Diese klare Antwort fehlt aber auch in Bezug auf Gott: wie ist es denn nun mit der Religion? Gibt es wirklich einen Gott? Wie zeigt er sich, wie lässt er sich erfahren, woran kann ich erkennen, dass er bei mir ist? Glauben heißt: nicht wissen – so sagen wir im Volksmund. Und damit sind die Gläubigen gleichzeitig die Dummen, die Nichtwissenden.

Ja, wir erkennen nur stückweise. Jede Erkenntnis über das Wesen Gottes, jede kleine Erfahrung kann schon morgen wieder in Frage gestellt sein. Unser Glaube ist fragil – Stückwerk eben. Aber trotzdem können wir erleben, dass sich Stück für Stück das Puzzle des Lebens und des Glaubens zusammensetzt.

Was heute keinen Sinn zu haben scheint, kann sich schon morgen für uns als gut erweisen.

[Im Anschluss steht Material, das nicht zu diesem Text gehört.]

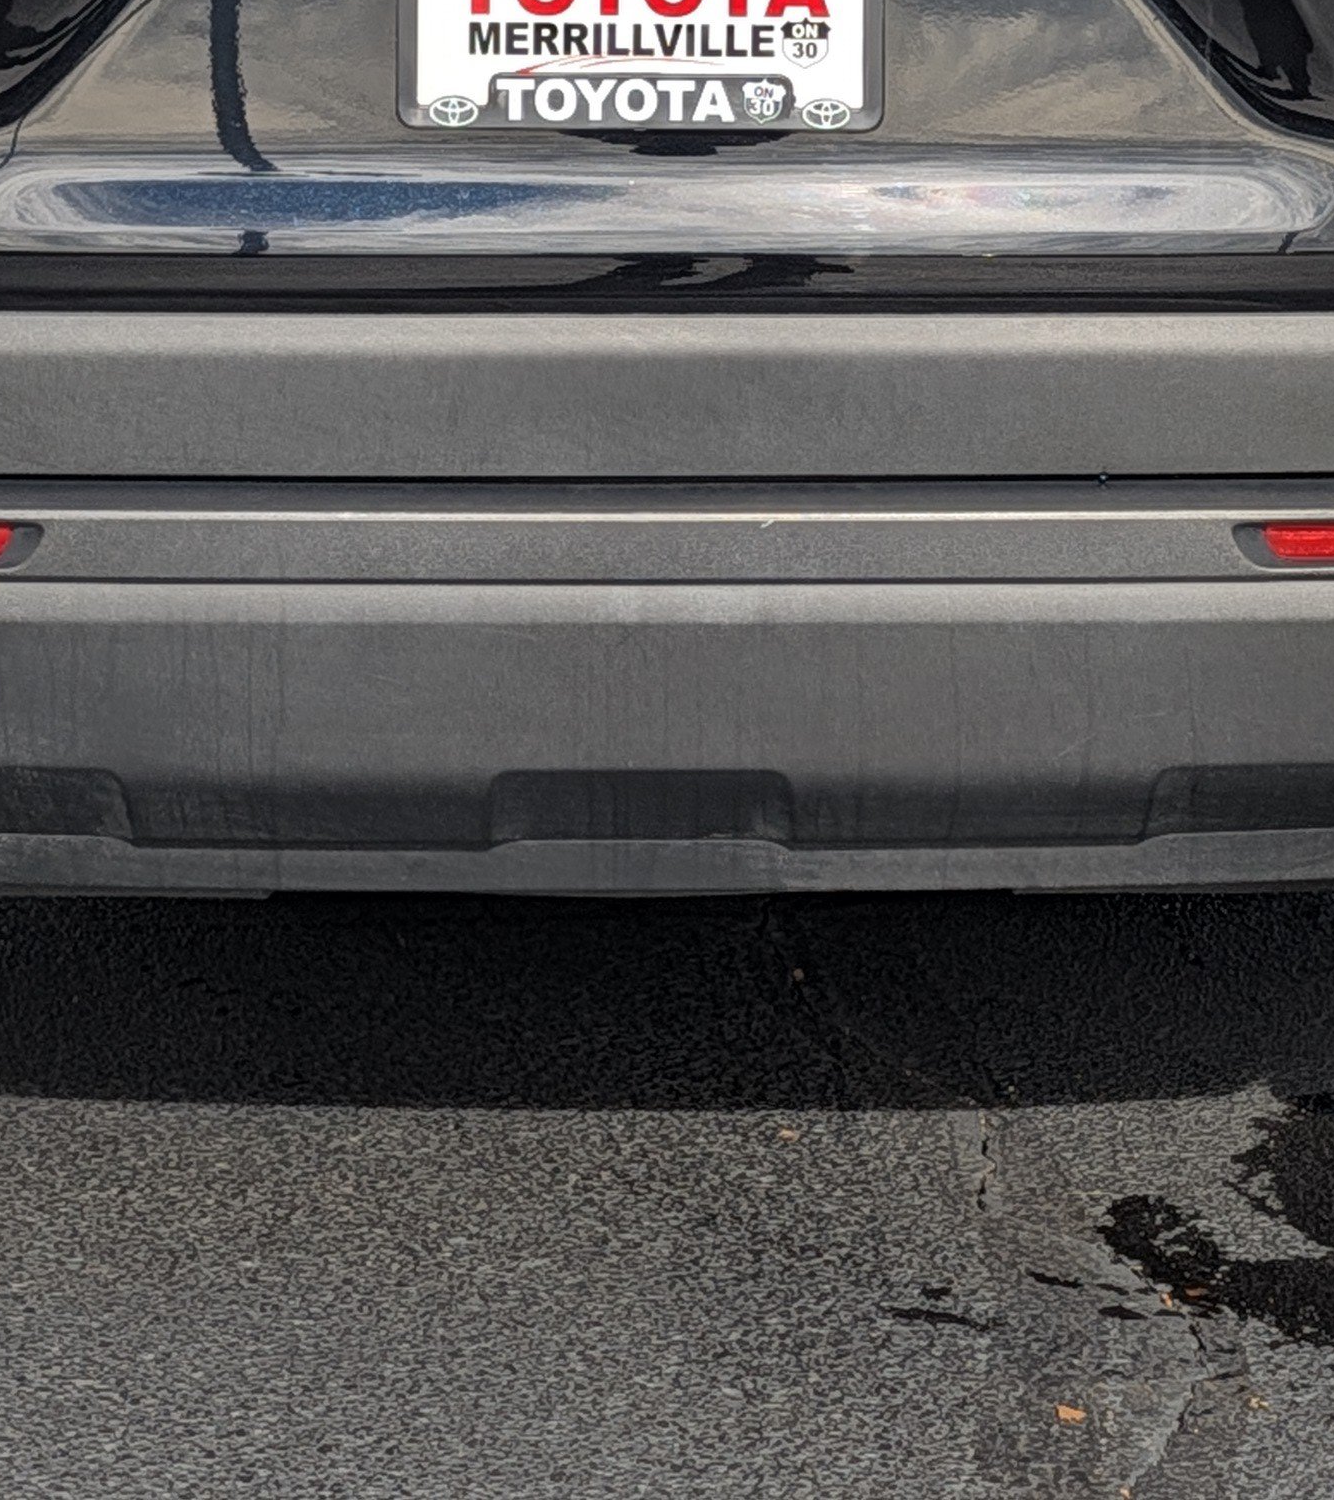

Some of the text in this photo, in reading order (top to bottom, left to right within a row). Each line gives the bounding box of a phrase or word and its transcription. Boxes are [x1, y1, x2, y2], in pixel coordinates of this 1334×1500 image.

[468, 22, 775, 57] MERRILLVILLE
[791, 23, 819, 38] ON
[792, 41, 818, 59] 30
[496, 78, 736, 122] TOYOTA
[753, 85, 774, 98] ON
[748, 98, 775, 116] 30
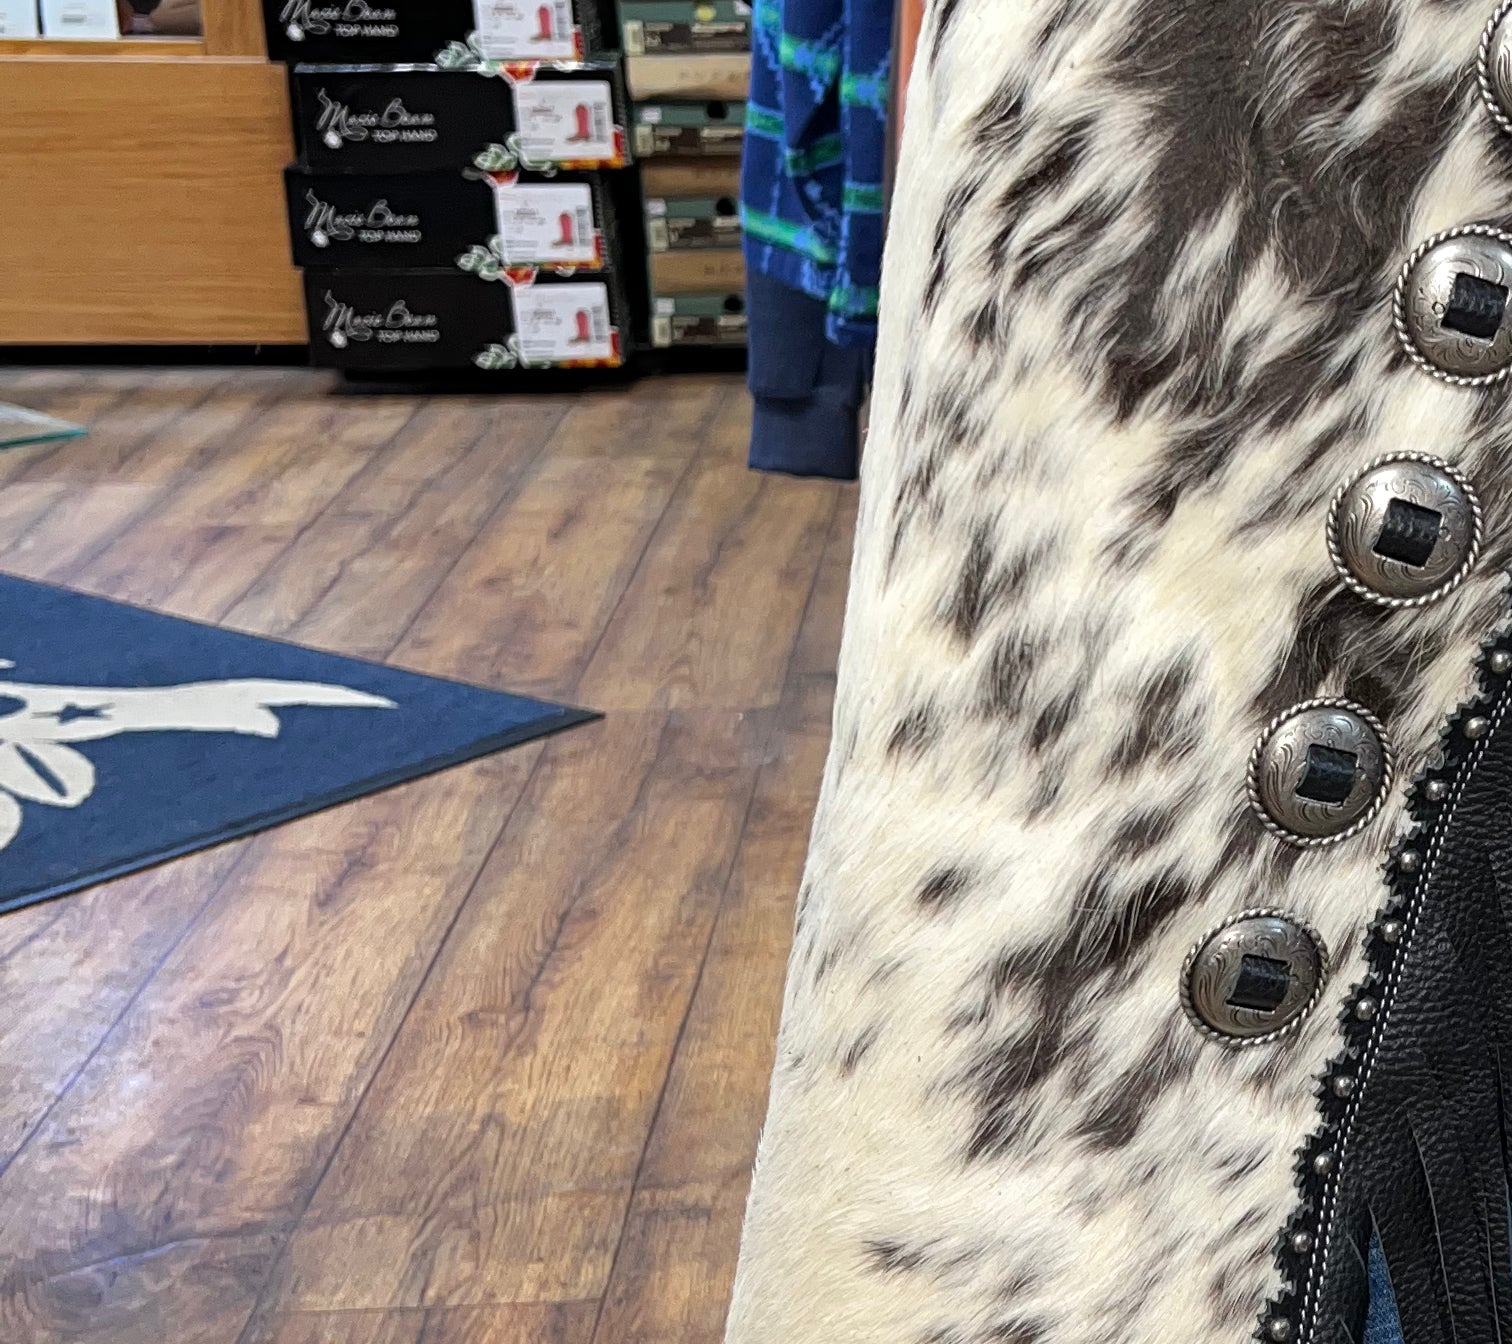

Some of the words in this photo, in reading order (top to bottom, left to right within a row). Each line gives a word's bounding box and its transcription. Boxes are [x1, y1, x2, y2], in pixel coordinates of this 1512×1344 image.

[335, 23, 360, 37] TOP
[360, 23, 399, 38] HAND
[372, 129, 400, 143] TOP
[400, 129, 438, 143] HAND
[358, 229, 383, 243] TOP
[384, 229, 422, 243] HAND
[376, 329, 402, 343] TOP
[402, 329, 440, 343] HAND
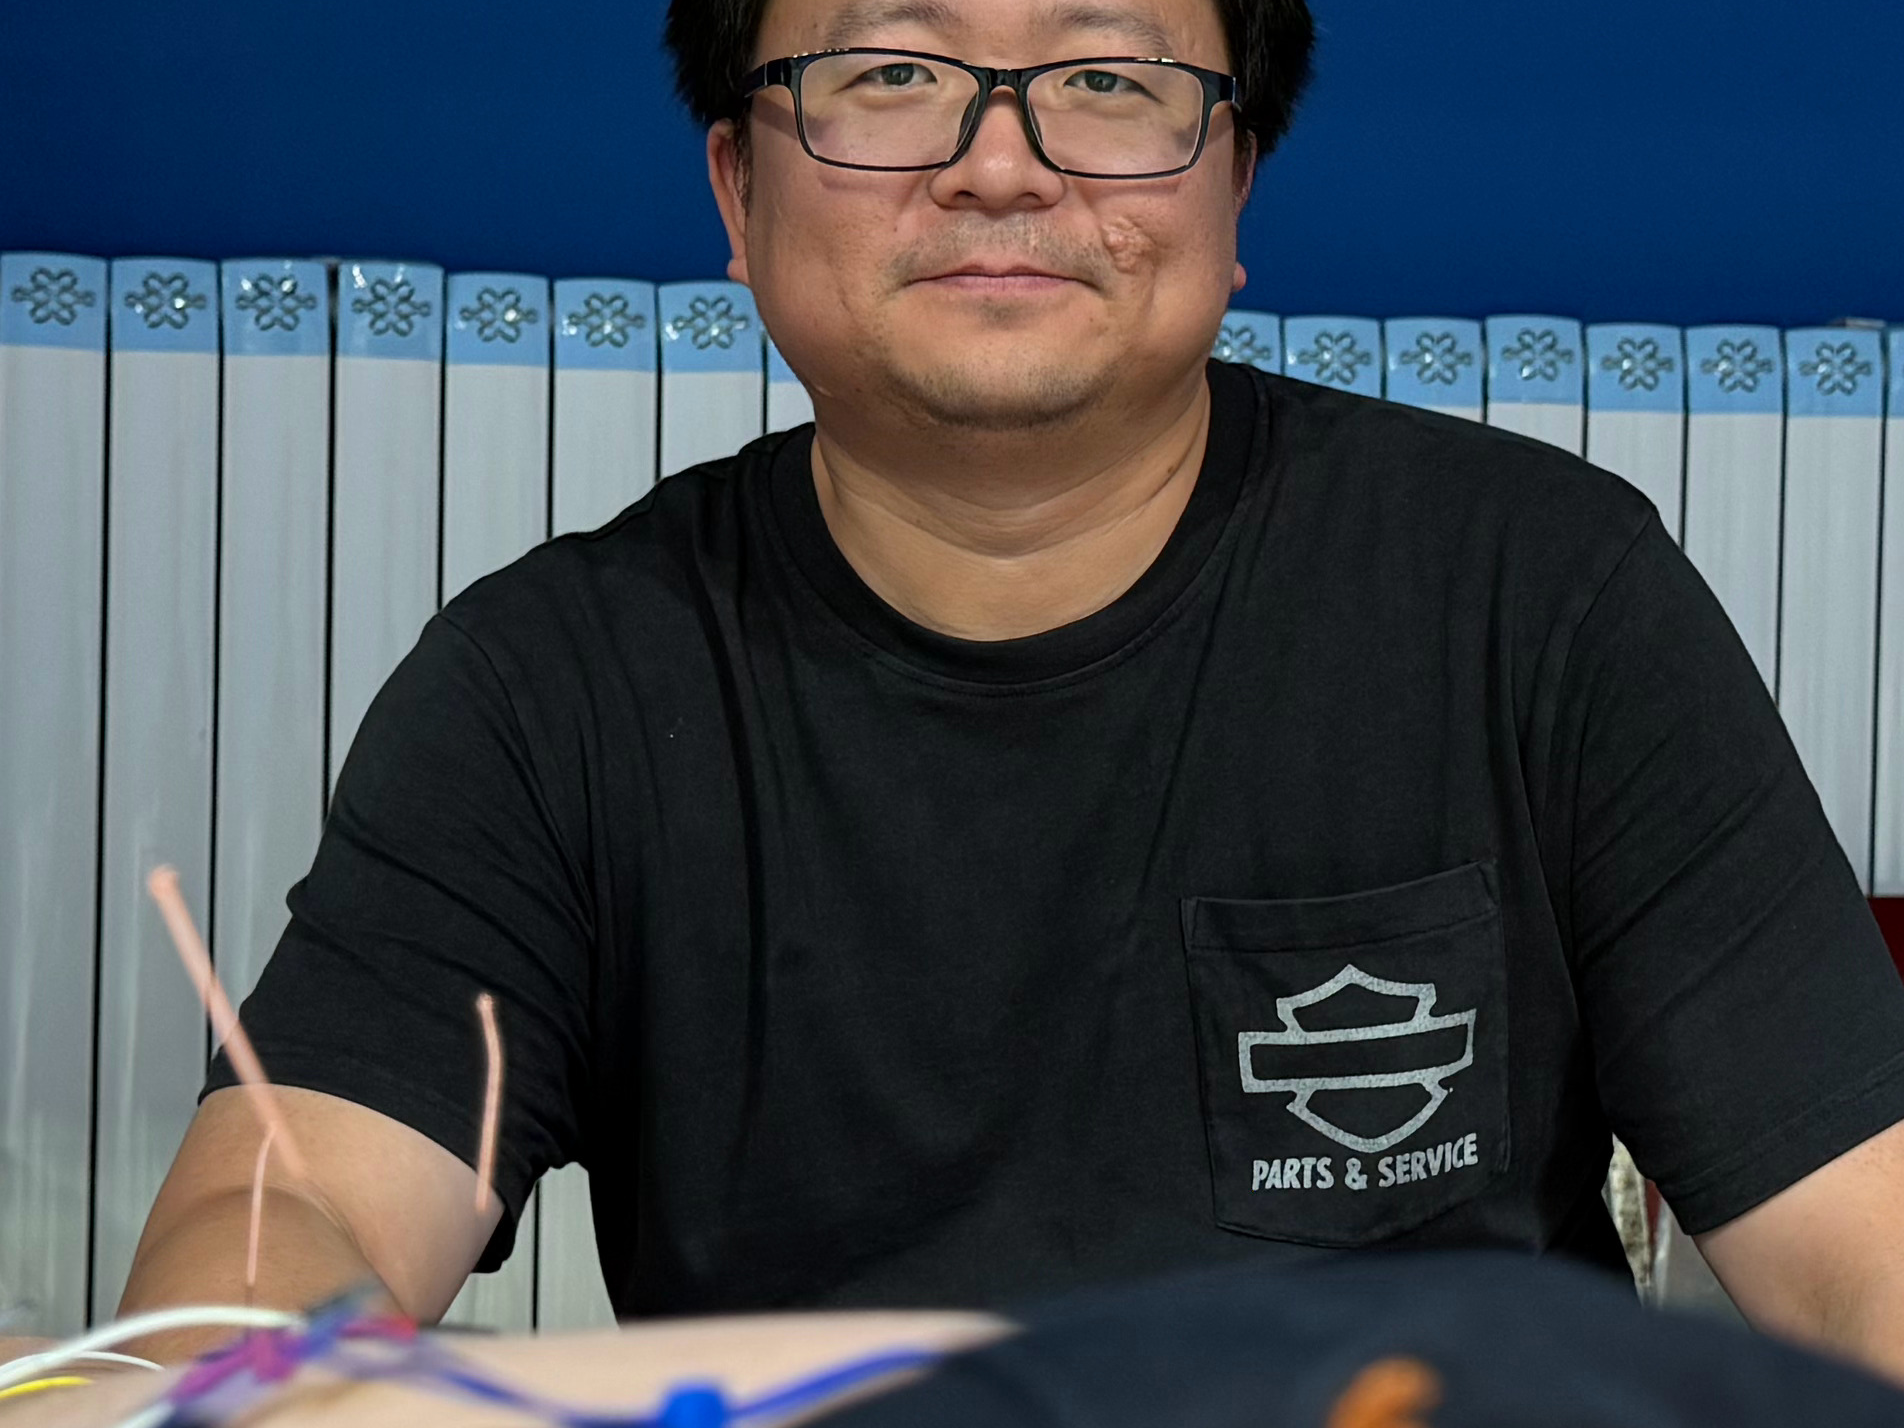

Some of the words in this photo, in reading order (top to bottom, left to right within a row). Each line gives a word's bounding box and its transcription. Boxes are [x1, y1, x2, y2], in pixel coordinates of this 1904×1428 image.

Ich weiß sowohl von mir selbst als auch aus Gesprächen mit anderen Menschen, dass sich so mancher Schicksalsschlag, so manche Krankheit, so manches Ausgebremstwerden, im Rückblick in etwas Positives verwandeln kann. Mir hat z.B. ein Schlaganfall vor ein paar Jahren die Augen dafür geöffnet, dass Arbeiten nicht alles im Leben sein kann. Mein Körper hat mir entschieden einen Stopp signalisiert – im Rückblick kann ich sagen: jetzt bin ich viel gelassener als vorher. Wie gesagt, im Rückblick. Während der akuten Phase, beim Zurückfinden ins „normale“ Leben habe ich gehadert mit meinem Schicksal und mich in Frage gestellt. Hätte ich bloß… was auch immer. Im Rückblick hat aber auch dieser Schicksalsschlag seinen richtigen Platz im großen Puzzle meines Lebens gefunden.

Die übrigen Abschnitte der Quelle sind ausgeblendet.